Identify your collective strengths

In the pursuit of resiliency, it’s important for nonprofits to recognize their strengths. Doing so during a staff or board retreat, committee meeting, or year-end celebration can solidify a sense of purpose.

This can be done through conversations or a survey or worksheet. Questions should include:

  • People and Skills: What people, skills, and experiences are available to support business model changes and navigate challenges? How can staff’s skills and experiences be used to support the community?
  • Financial: What financial investments are needed to build on the organization’s strengths?
  • Data and Know-how: How does the organization impact the communities it serves? How can its data and knowledge benefit those communities?
  • Relationships and Reputation: How does the organization “show up” in its community and what is it known for? What value does it bring to the communities it serves? Is the organization known as a good and reliable partner and collaborator?

Acting on the Vision

Nonprofit financial resilience requires leadership and the board working in concert toward a common goal. Financially resilient organizations can stay true to their missions even when pivoting to address unforeseen challenges. These guidelines help ensure that boards can exercise strong and informed financial management.

Foster a Collaborative Culture

Do: Engage in productive conversations about financial health, risk, and opportunity, giving staff time to prepare and address issues.

Don’t: Surprise and derail staff with new information.

Learn the Business

Do: Understand the organization’s financial condition, context, how the business works, and what metrics are important to monitor.

Don’t: Separate finances from programs, people, or impact.

Think Full Cost

Do: Discuss how to plan for financial needs beyond the budget, such as reserves, working capital, and facilities.

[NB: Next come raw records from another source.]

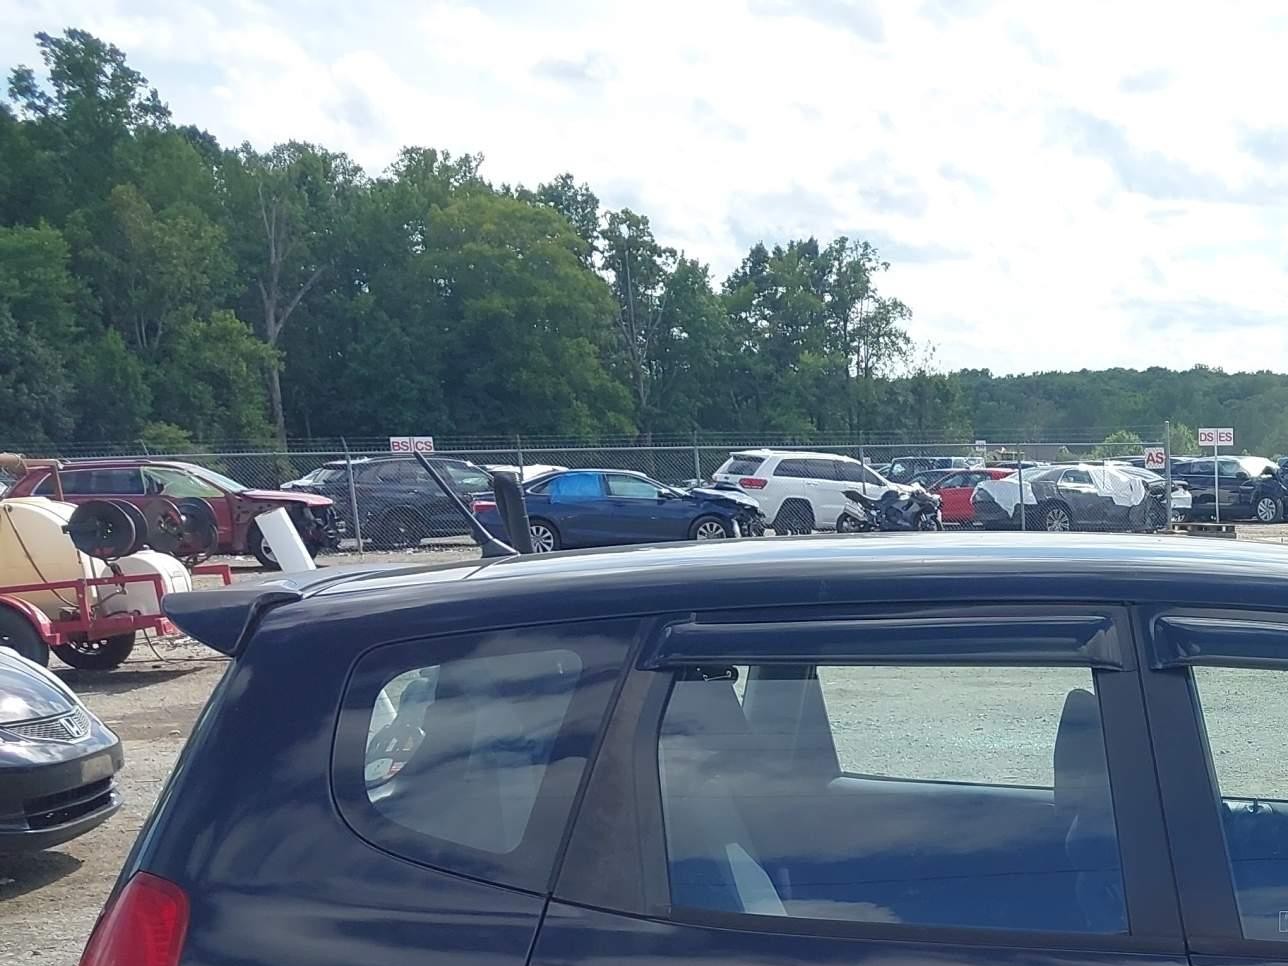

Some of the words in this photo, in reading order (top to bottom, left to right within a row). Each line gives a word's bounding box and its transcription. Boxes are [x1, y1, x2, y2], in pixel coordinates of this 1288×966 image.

[1199, 432, 1214, 442] DS
[1218, 432, 1233, 442] ES
[391, 440, 410, 451] BS
[415, 440, 433, 451] CS
[1146, 452, 1165, 464] AS
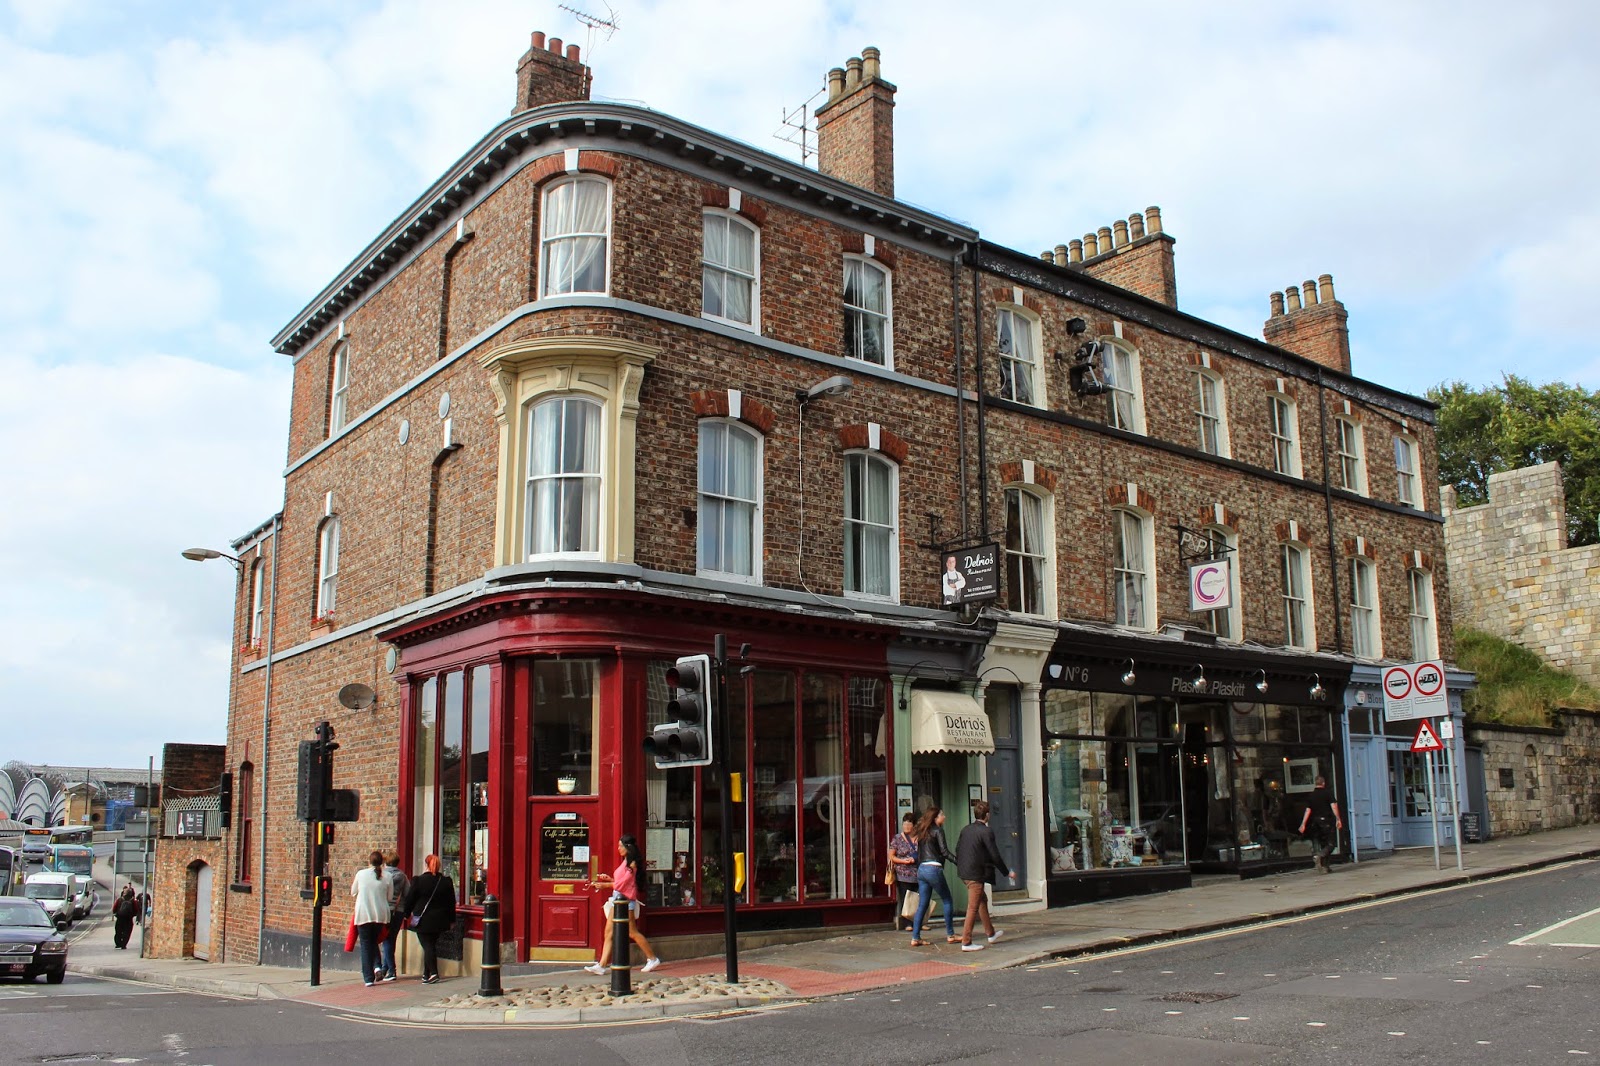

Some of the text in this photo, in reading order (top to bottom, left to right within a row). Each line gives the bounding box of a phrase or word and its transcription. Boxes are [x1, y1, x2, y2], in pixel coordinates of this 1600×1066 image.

[964, 552, 994, 568] Delrio's
[1082, 668, 1088, 683] 6
[1211, 680, 1246, 696] Plaskitt
[945, 716, 986, 731] Delrio's
[947, 730, 986, 738] RESTAURANT
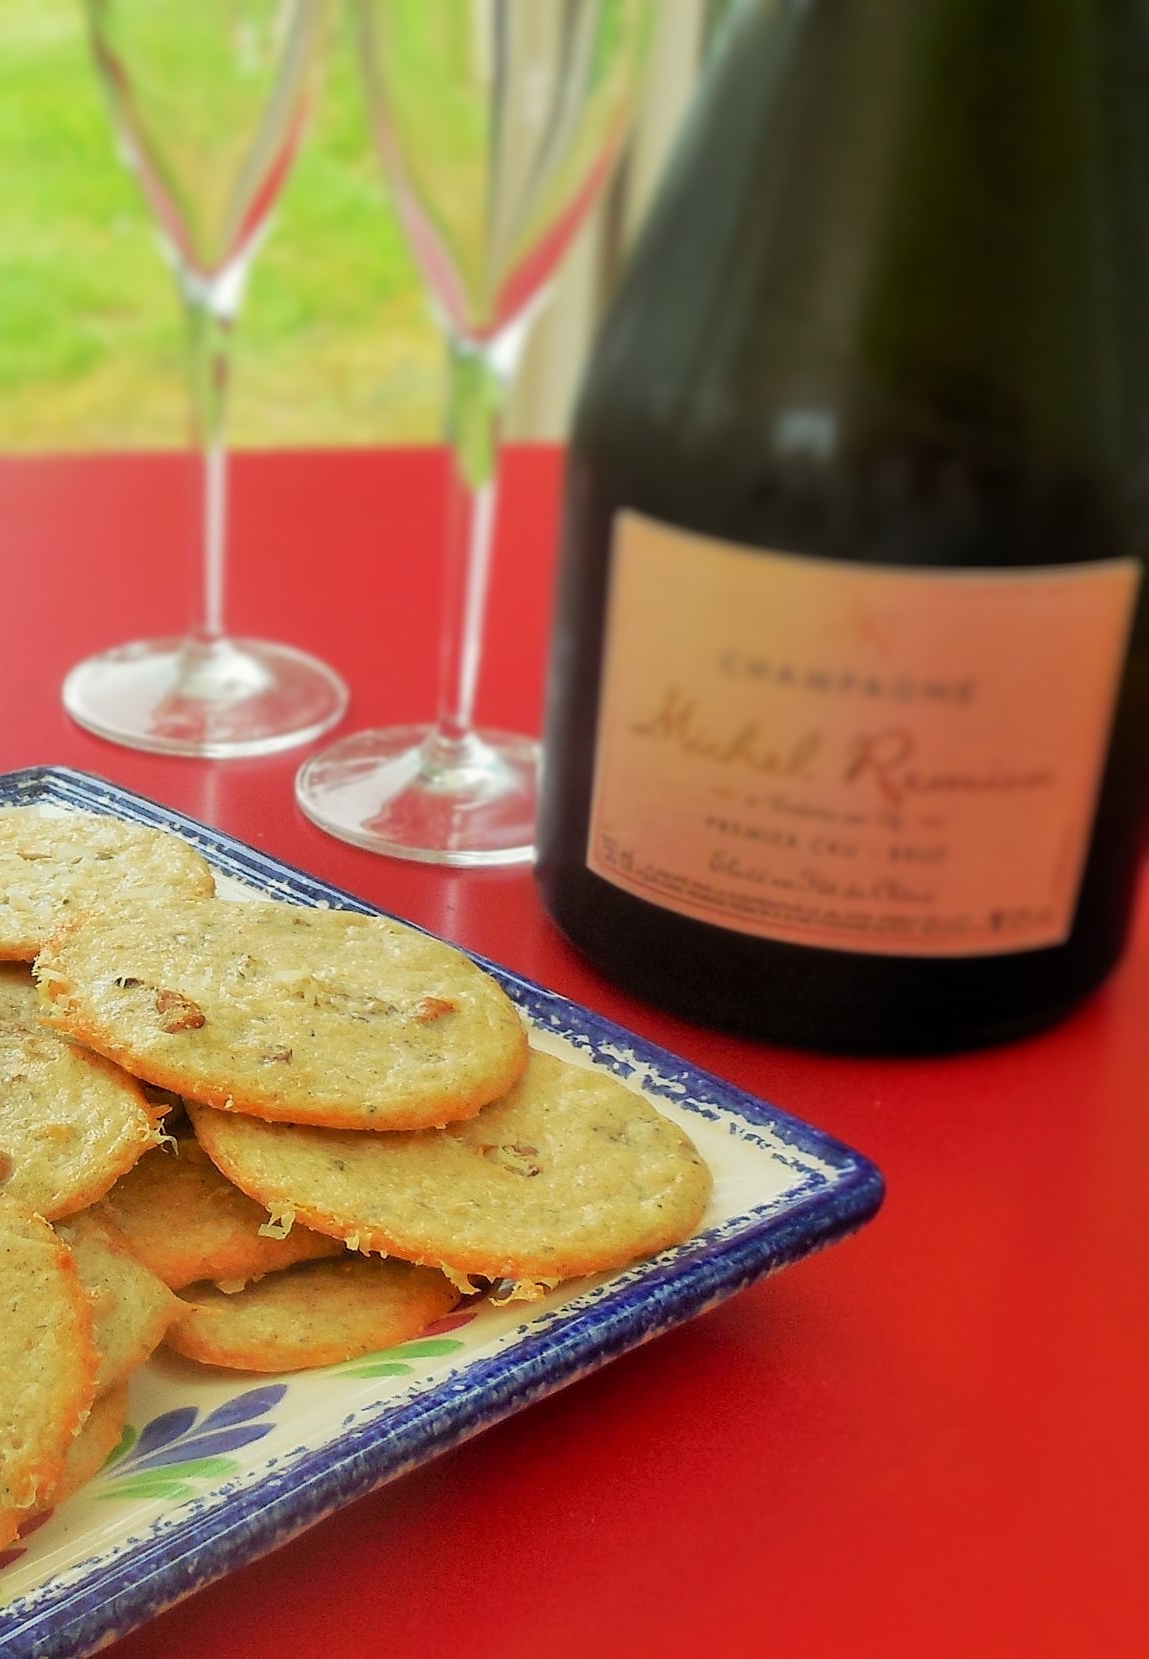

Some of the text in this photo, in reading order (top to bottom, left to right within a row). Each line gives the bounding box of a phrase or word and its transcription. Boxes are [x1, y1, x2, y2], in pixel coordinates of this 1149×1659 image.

Don’t: Fear a surplus; nonprofits need surpluses to manage effectively for the long term.

Monitor

Do: Review financial health through concise reports that help inform decisions.

Don’t: Make decisions without knowing how they affect the mission and financial health.

Plan for the Unpredictable

Do: Explore a range of possible outcomes and conditions that might influence financial health.

Don’t: Ignore trend data, as it can be used, along with past financial performance
and priorities, to inform decisions in times of uncertainty.

Go Beyond Dollars and Cents

Do: Tie decisions and actions back to mission and organizational health.

Don’t: Focus on small issues or program-level decisions.

The Stakes are High

The loss of vital organizations is a sobering reminder of the critical importance of strong
financial stewardship within the nonprofit sector.

Nonprofit board members and executive leaders must be champions of financial health, ensuring that their organizations can not only survive but thrive amid economic uncertainties. Leaders can safeguard the mission and impact of their organizations by embracing governance and fiduciary responsibilities, fostering financial literacy on the board, and encouraging transparent, equitable budgeting practices.

“Financial oversight is not just a task; it is a mission-critical function that allows nonprofits to serve their communities, both in times of need and for the long-haul as communities prosper with their support.”

The stakes are too high: Now more than ever, board members must engage proactively, collaborate with staff, and make informed decisions that prioritize sustainability, equity, and long-term success. Financial oversight is not just a task; it is a mission-critical function that allows nonprofits to serve their communities, both in times of need and for the long-haul as communities prosper with their support. And when oversight is inadequate, and an organization struggles or collapses, a deeply human cost is paid, both by the leaders and staff who delivered the services and the clients who depended on them.